I love flying. I’m not a pilot, but I’ve flown a handful of times and absolutely love it. I’ve been fortunate enough to see inside that world a time or two, and I have picked up some of the mantras along the way. This is one of them.
Priority of tasks while flying: Aviate, Navigate, Communicate.
What good is knowing where we are going, and communicating with other pilots, air traffic control, or passengers, if the aircraft has lost the ability to stay aloft and is plummeting to the earth? Gotta keep the plane in the air first and foremost… Aviate!
Before spending time and energy communicating, we need to know where we are going. There is only so much fuel onboard and we only have so much time to get on course, or to find a safe place to land, both of which require us to… Navigate!
Airplane is stable in flight and we are on a safe course? Awesome! Lets talk… Communicate!
Part of me wants to apologize for the silence, part of me wants to tell you that we just weathered a tremendous storm and so my focus was on priorities 1 and 2. Sometimes just 1.
Most of me wants to detach even further, drift into the mountains with my family, and never speak of these years again.
Truth is, I know, even if I never speak of these years again, I will feel them forever.
It has been a very rough couple years. By a “couple” I mean, all the way back from April 2014, that fateful day when we departed the paradise we called Washington State and the family we developed there. Over the last 4 years we have been through almost 2 years deployed, a death in the family, Lyme disease, a cardiac emergency, a cancer diagnosis, a severely damaged house, sustained loss of rental income, foreclosure, a move overseas, and 1 hospitalized child in a Japanese hospital. The job I am currently doing is rough… we’ll leave it there.
The rest of this year is looking every bit as difficult!
Things got heavy enough on me that I would come home from work and sit in my van in front of my house for 45 minutes sometimes. I felt a crushing cold detachment. I knew that inside my house was warmth, comfort, solace. I knew that my kids were a huge source of that warmth! Their innocence and their love for me is palpable. I knew that, as soon as I walked inside, I would suck the very life out of room, the very blood from the marrow. I couldn’t do that, so I would sit in the van trying to get it together. A couple times I would see window blinds shake and a minute later kids bursting forth from the house and running to the van.
I would paste on a peaceful face and I would smile at them while dying on the inside. It never failed though, true love drives out fear! Those kids love me so much!! I’d go inside with them and would immediately drown in their stories from the day, questions about everything under the sun, and invitations to play.
Who knew that their innocence would save me? And man alive do I need saving!! Every. Single. Day!
In the midst of these difficult times, I came to see that bringing the poison home, I would infect my family. Love seems to be stronger than that. Innocent love seems to work the other way. I come with my broken heart, my head full of trouble, dripping the poison of the day, and walk into a realm of love, and I am healed, I come out clean, and the love is not diminished a single bit.

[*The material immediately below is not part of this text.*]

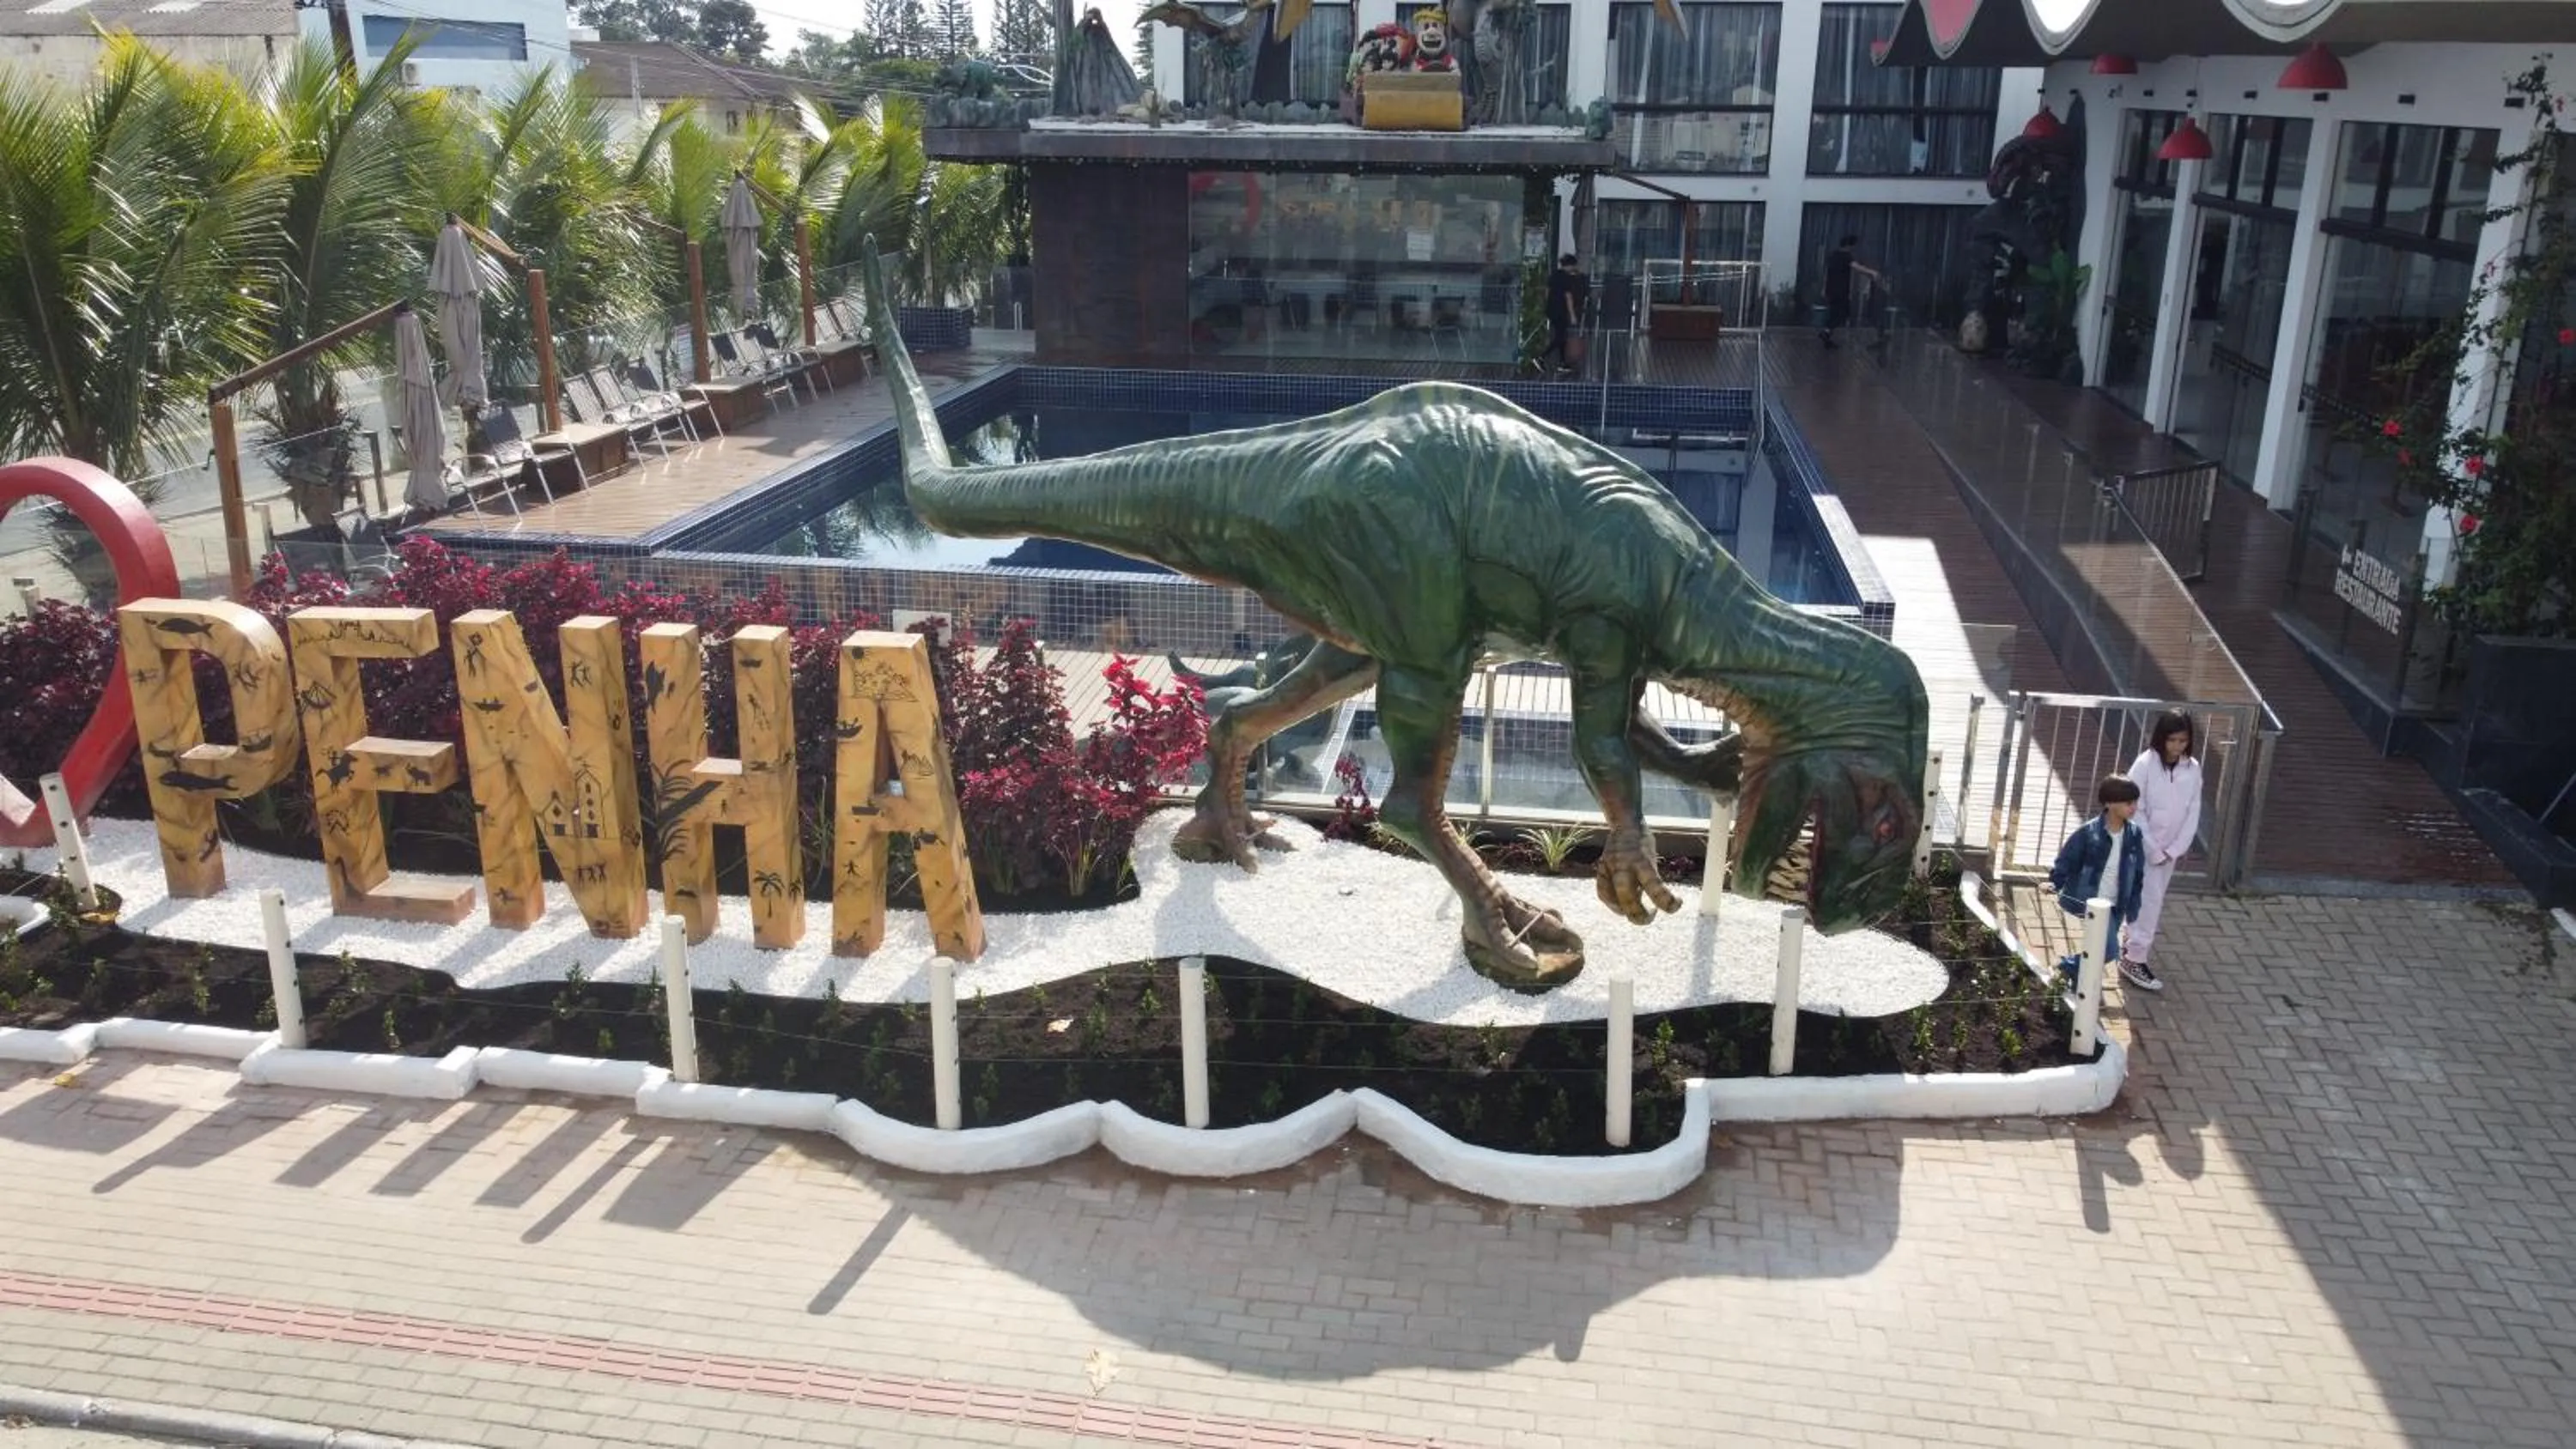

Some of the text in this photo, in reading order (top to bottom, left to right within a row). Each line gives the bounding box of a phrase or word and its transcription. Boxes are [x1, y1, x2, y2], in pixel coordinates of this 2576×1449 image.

[2335, 567, 2402, 634] RESTAURANTE
[2353, 549, 2400, 601] ENTRADA
[118, 597, 986, 961] PENHA

So that’s where we’ve been. While the rest of this year is looking difficult, I am doing MUCH better and the family is doing awesome. I am so glad I get to be a part of this family.

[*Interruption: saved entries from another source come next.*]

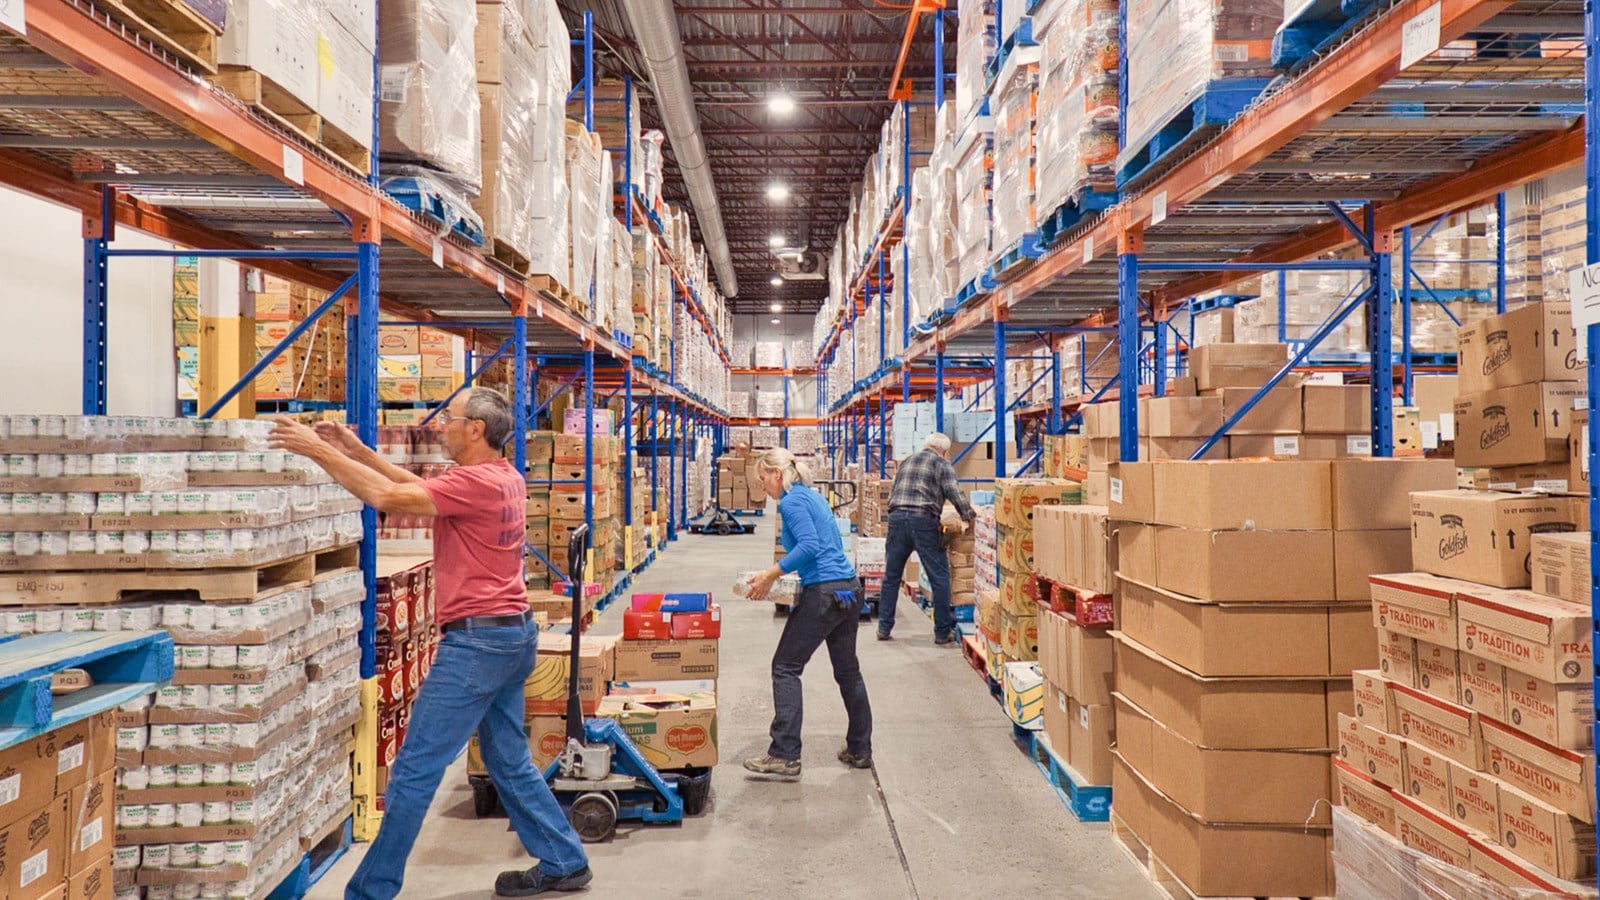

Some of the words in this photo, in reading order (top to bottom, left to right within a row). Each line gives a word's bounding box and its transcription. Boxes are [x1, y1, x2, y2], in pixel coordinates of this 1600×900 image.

[1482, 342, 1512, 376] Goldfish
[1480, 417, 1510, 450] Goldfish
[1439, 530, 1468, 560] Goldfish
[1389, 609, 1435, 630] TRADITION
[1380, 644, 1410, 660] TRADITION
[1478, 631, 1530, 659] TRADITION
[1561, 643, 1591, 654] TRA
[1420, 659, 1454, 678] TRADITION
[1463, 672, 1501, 694] TRADITION
[1356, 689, 1384, 706] TRADITION
[1510, 690, 1555, 717] TRADITION
[1410, 718, 1455, 746] TRADITION
[1367, 745, 1399, 765] TRADITION
[1410, 764, 1446, 790] TRADITION
[1504, 757, 1561, 794] TRADITION
[1350, 792, 1385, 820] TRADITION
[1454, 785, 1496, 814] TRADITION
[1504, 813, 1552, 845] TRADITION
[1410, 829, 1454, 865] TRADITION

It got tricky… but we were able to Aviate and Navigate… now we’ll communicate!
Thanks for reading and, to those who sent messages, thanks for encouraging me to keep my head up and to get back to writing.
Thanks for sharing. I hope the love of your family and God continues to heal the wounds from these last few years.
Michael, I love hearing your heart and even though it is hard to know the turmoil has been so palpable, it lets us enter in with you and know better how to stand in the gap with you as we pray for you, Jessica and the kids. We really love you! Thank you for putting it into words with the gift of writing God has given you.